The move prompted his critics to accuse him of seeking to monopolise power creating widespread protest by the opposition parties. Egypt’s health ministry said late on Wednesday  the 5/12/12that at least 211 people had been injured in clashes between Morsi’s secular-leaning opponents and Islamist supporters, as riot police attempted to break up the violence. In addition three members of Mr. Morsi’s advisory team resigned over the crisis. They are Seif Abdel Fattah, Ayman al-Sayyad and Amr al-Leithy. They all tendered their resignations, bringing to six the number of presidential staff who have quit in the wake of a decree that has triggered countrywide violence and has drawn a negative international spotlight on Egypt.
So the Muslim Brotherhood led Victory at the polls should have been the solution to Egypt’s long history of dictatorship has suddenly shaped up to be a dictatorship regime in its own right. The aborted revolution of January 25, 2011, which succeeded in ridding the country of the decades-long rule of Hosni Mubarak, has failed to address the authoritarianism and corruption embedded within the state's institutions, from the military and the security agencies, to elements within the judiciary and state run bureaucratic institutions.
 

In March 2011 voters widely approved a referendum to delay the passage of a new constitution, instead preferring first to elect a new parliament and head of state, resulting in one of the most dysfunctional transitions in modern political history. The lack of will to see the revolution through to its conclusion has yielded a unusual fusion government made up of a combination of the counter-revolutionary remnants of the old regime as well as the self-proclaimed protectors of the revolution, embodied in the group that has enjoyed the greatest electoral success of any political actor, the Muslim Brotherhood.

The Muslim Brotherhood is the Arab world's most influential and one of the largest Islamic movements, and is the largest political opposition organization in many Arab states. Founded in Egypt in 1936 as a Pan-Islamic, religious, political, and social movement by the Islamic scholar and schoolteacher Hassan al-Banna, by the end of World War II the MB had an estimated two million members. Its ideas had gained supporters throughout the Arab world and influenced other Islamist groups with its "model of political activism combined with Islamic charity work”. The Brotherhood's credo was and is, "Allah is our objective; the Quran is our law, the Prophet is our leader; Jihad is our way; and death for the sake of Allah is the highest of our aspirations." Its most famous slogan, used worldwide, is "Islam is the solution."
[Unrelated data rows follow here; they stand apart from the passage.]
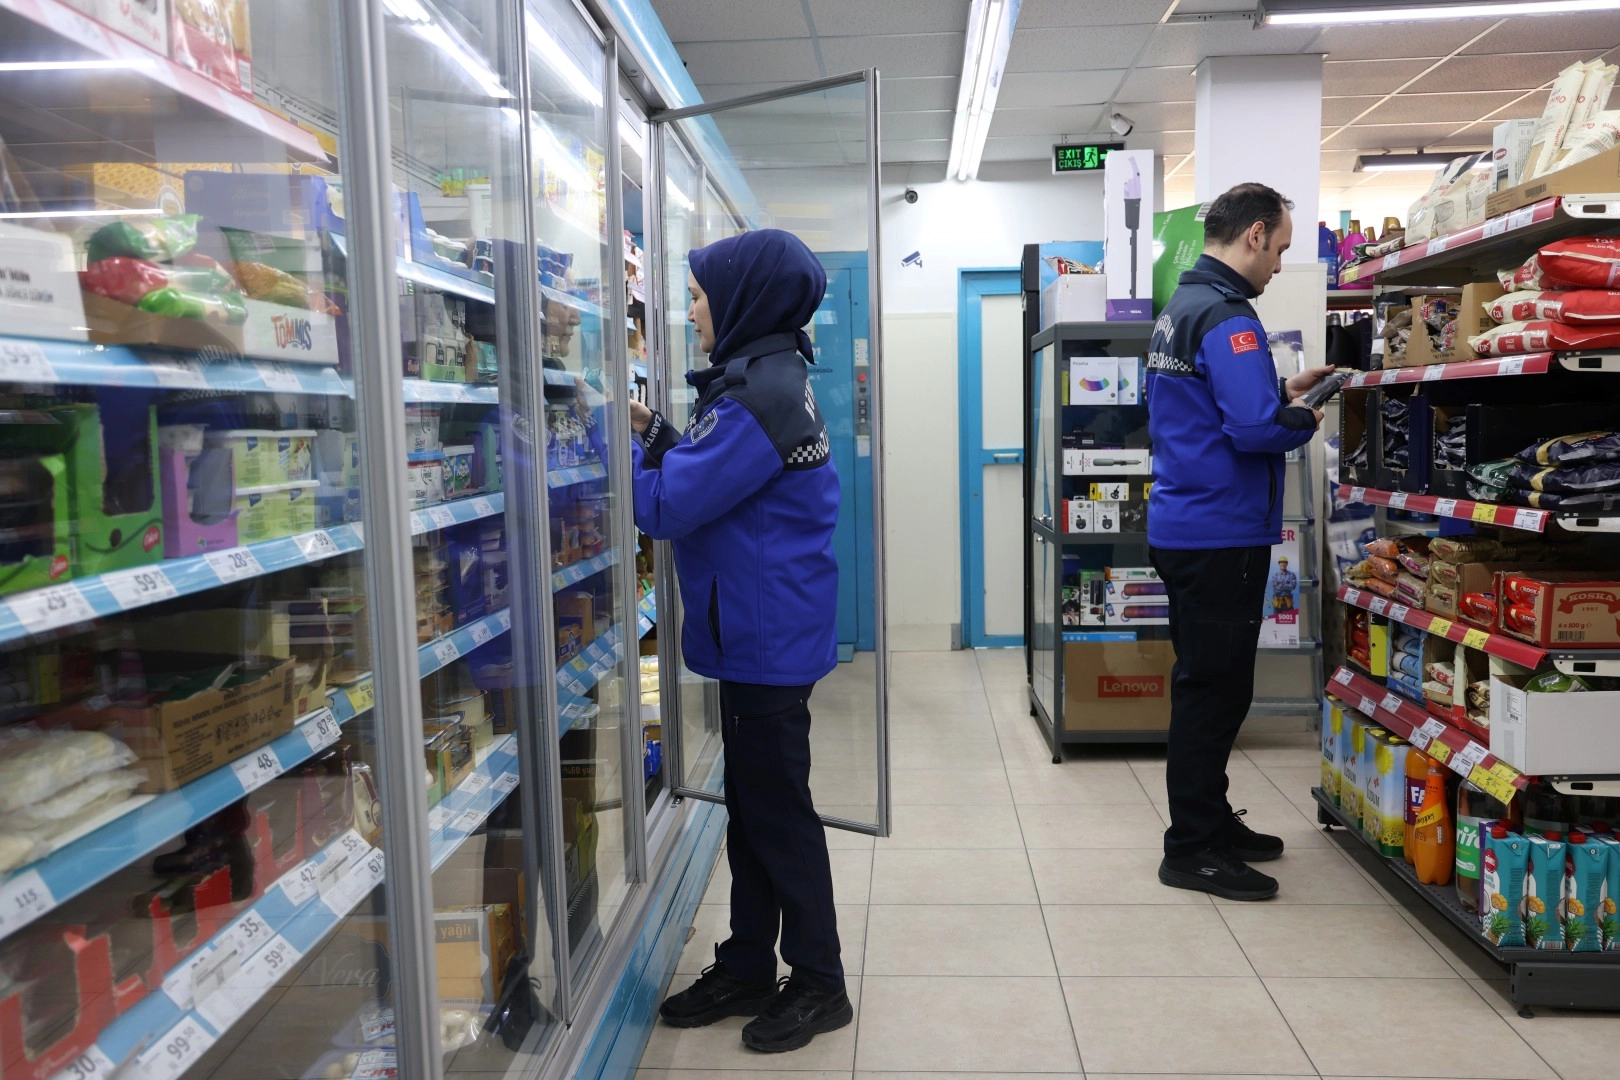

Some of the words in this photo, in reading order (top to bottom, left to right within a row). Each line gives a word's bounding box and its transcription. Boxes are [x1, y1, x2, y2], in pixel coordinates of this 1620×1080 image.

[1554, 125, 1565, 146] RUMMO
[1058, 149, 1081, 159] EXIT
[1058, 160, 1081, 169] ÇIKIŞ
[644, 414, 662, 448] ZABITA
[314, 533, 329, 546] 99
[1280, 530, 1295, 541] ER
[1569, 592, 1614, 602] KOSKA
[1103, 681, 1158, 692] Lenovo
[258, 753, 273, 770] 48
[341, 835, 358, 852] 55
[240, 917, 259, 938] 35
[441, 924, 471, 940] yağlı
[311, 953, 379, 989] Vera
[67, 1054, 96, 1080] 30
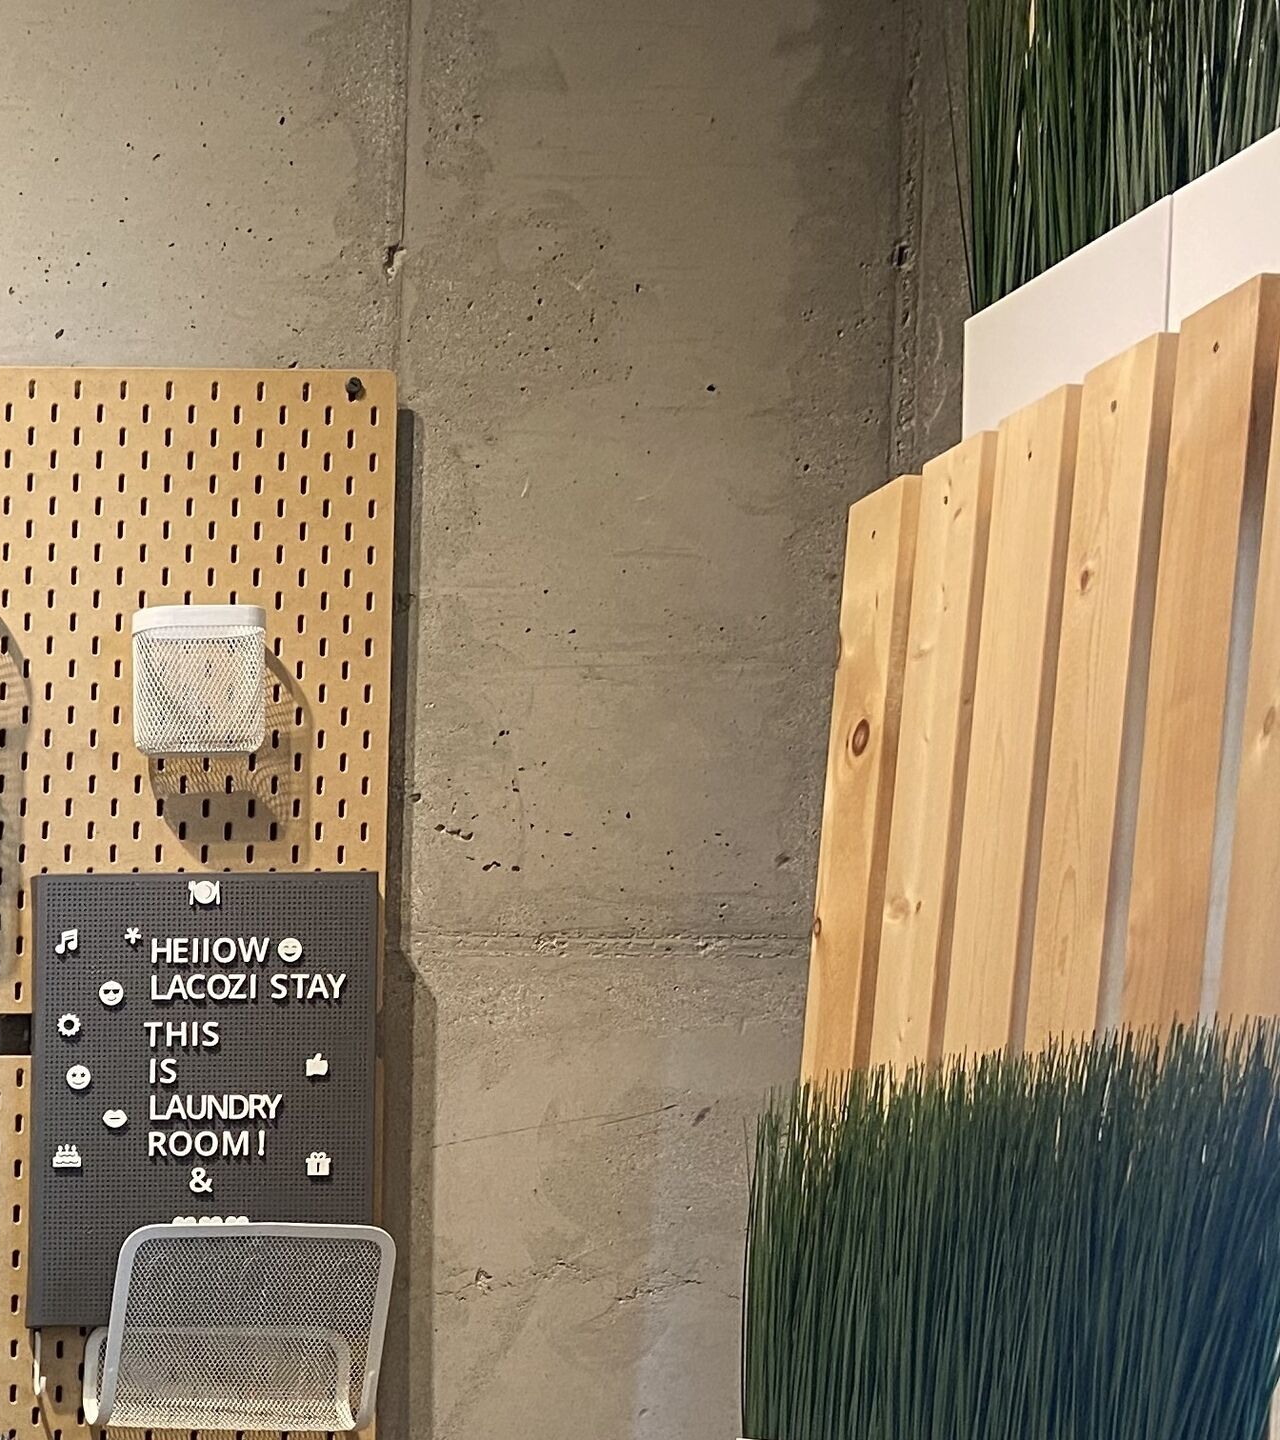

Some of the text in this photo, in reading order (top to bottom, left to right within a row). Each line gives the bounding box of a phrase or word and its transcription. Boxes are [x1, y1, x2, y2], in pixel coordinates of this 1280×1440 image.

[151, 973, 347, 1000] LACOZI STAY
[143, 1021, 220, 1047] THIS
[149, 1058, 177, 1084] IS
[149, 1094, 283, 1120] LAUNDRY
[189, 1167, 213, 1193] &
On the foreign policy side of the equation the west historically has fostered a good political strategic partnership with Egypt mainly as a go between in defusing tensions between Israel and Palestine. But the New Egypt under President Morsi has yet to prove itself to key allies like the United States and other Western countries that he is an ally worth backing, especially after he failed to tackle the attack on the American embassy in Cairo last month by angry protesters denouncing an anti-Islam film. Other issues of concern to America and its European allies include freedom of speech, women's participation in politics and the future of Egypt's Copts who feel increasingly threatened by the rising power of Islamists in the country.

The conflict in Egypt squares with political theorist Samuel Huntington clash of civilization hypothesis. He believed that while the cold war had ended, the world had reverted to a normal state of affairs characterized by cultural conflict. In his thesis, he argued that the primary axis of conflict in the future will be along cultural and religious lines. Egypt is a prime example of a country where people’s cultural and religious identities will be the primary source of complex political conflict. According to Huntingdon Irreligious people like the opposing liberals in Egypt who violate the base principles of religious organizations like the Muslim brotherhood are perceived to be furthering their own pointless aims, and as a result will face violent action.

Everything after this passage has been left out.